If it’s a life transition you are facing, raise your awareness of what you can expect emotionally. The book, Transition; Making Sense of Life’s Changes by William Bridges explains that in each transition (whether it’s perceived socially as positive like the birth of a child or negative like being fired from a job), there is a death which requires letting go (and the sadness that goes with it). There is a state of limbo, an in-between period in which, like the caterpillar in the chrysalis that turns to “goo,” one must release the past and embrace the unknown of the present and future. And finally, the birth of the next phase of who you are becoming. Each phase of a transition produces a bundle of emotions. Raising your awareness about what you can expect will help you deal with them and allow you greater self-compassion.
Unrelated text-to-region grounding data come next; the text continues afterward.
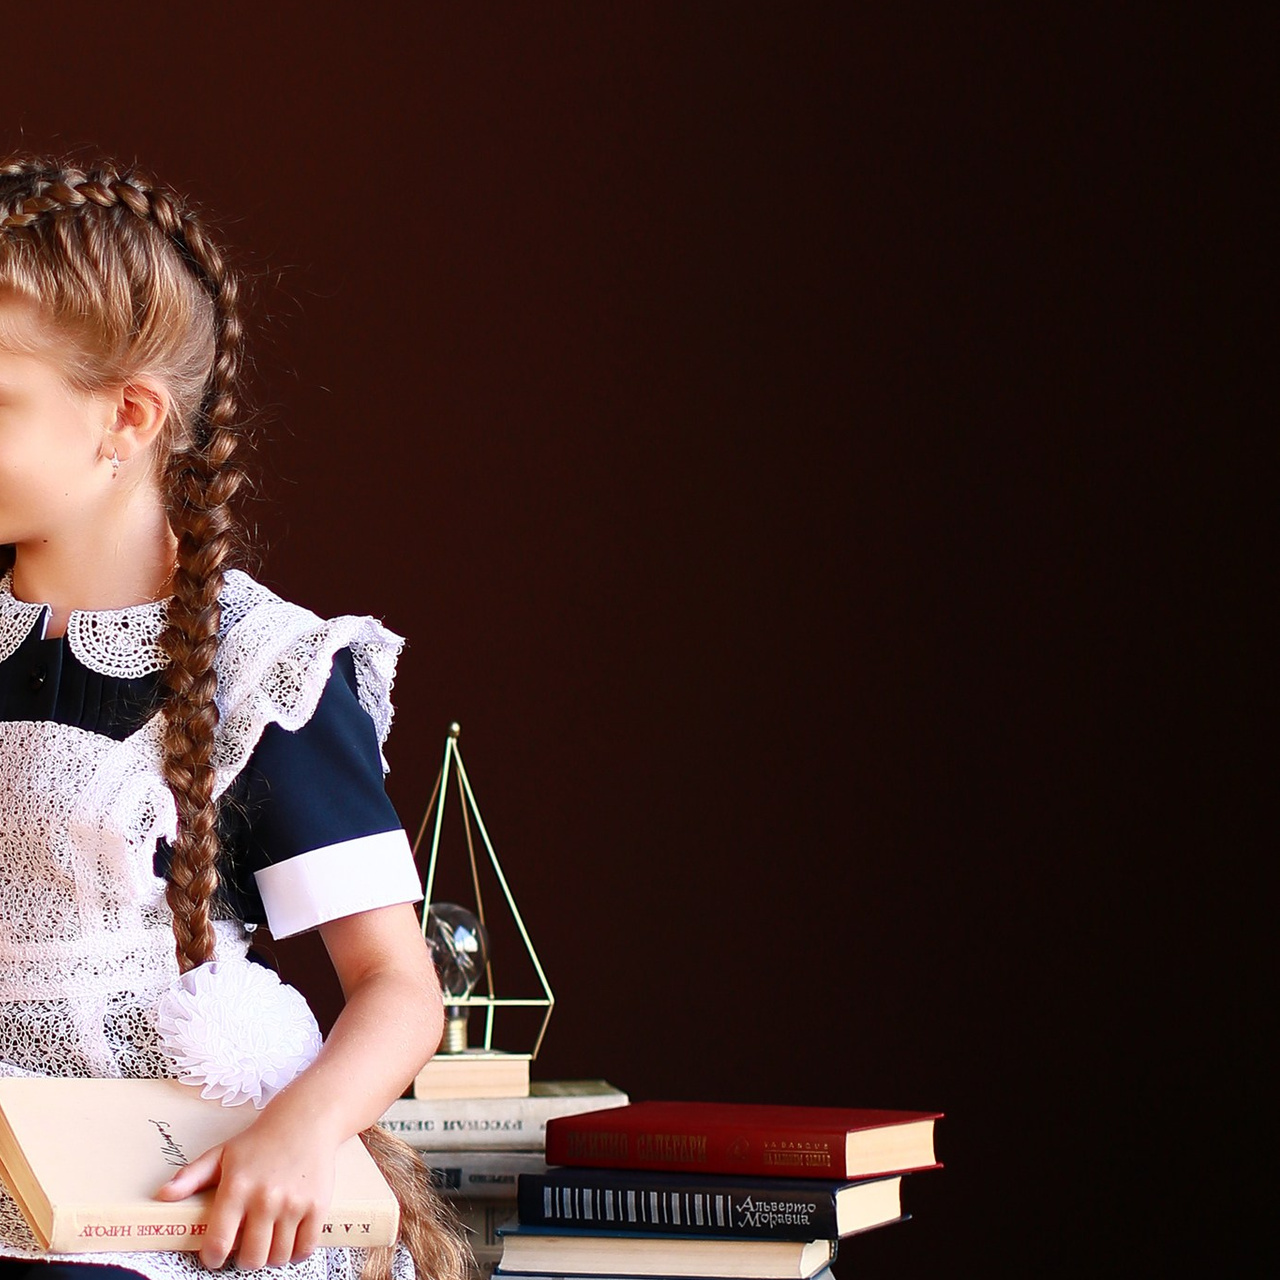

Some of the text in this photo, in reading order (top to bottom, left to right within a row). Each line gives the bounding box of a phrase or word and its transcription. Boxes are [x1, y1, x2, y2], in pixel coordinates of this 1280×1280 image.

[443, 1120, 524, 1131] РУССКАЯ
[637, 1133, 708, 1163] САЛЬГАРИ
[736, 1195, 817, 1214] Альберто
[737, 1211, 811, 1229] Моравиа
[77, 1223, 132, 1238] НАРОДУ
[137, 1224, 187, 1237] СЛУЖБЕ
[339, 1223, 353, 1234] А.
[356, 1223, 371, 1234] К.
This can be our most difficult task as we strive to be the parents we most want to be. Investing in your own self-care including forgiving yourself for not being the best version of you while you are undergoing health or transition issues can serve you and all those around you. Often times, the stress and pressure of sickness can add to your anxiety and impede your ability to heal. Kristin Neff, leading researcher on self-compassion, defines it in three ways. She writes that self-compassion involves:
…being kind and understanding to oneself in instances of suffering or perceived inadequacy. It also involves a sense of common humanity, recognizing that pain and failure are unavoidable aspects of the shared human experience. Finally, self-compassion entails balanced awareness of one’s emotions—the ability to face (rather than avoid) painful thoughts and feelings, but without exaggeration, drama or self-pity.
Her research supports the theory that mental health and a healthy self-concept are dependent on self-compassion.
All of these recommendations are easier said than done. However, as I strive to become the best version of myself through continued learning, I strive for my own optimal mental health in order to raise a confident kid. I wish for you gentleness and healing as you do the same.
1 Robinson, B.E. (1998). Chained to the Desk; A Guidebook for Workaholics, their Partners and Children, and the Clinicians who Treat Them. (3rd Ed.) NY: New York University Press.
2 Bridges, W. (2004). Transitions; Making Sense of Life’s Changes. (2nd Ed.) Cambridge, MA: Da Capo Press.
3 Neff, K.D., Rude, S.S., & Kirkpatrick, K.L. (2007). An examination of self-compassion in relation to positive psychological functioning and personality traits. Journal of Research in Personality. 41 (2007) 908–916.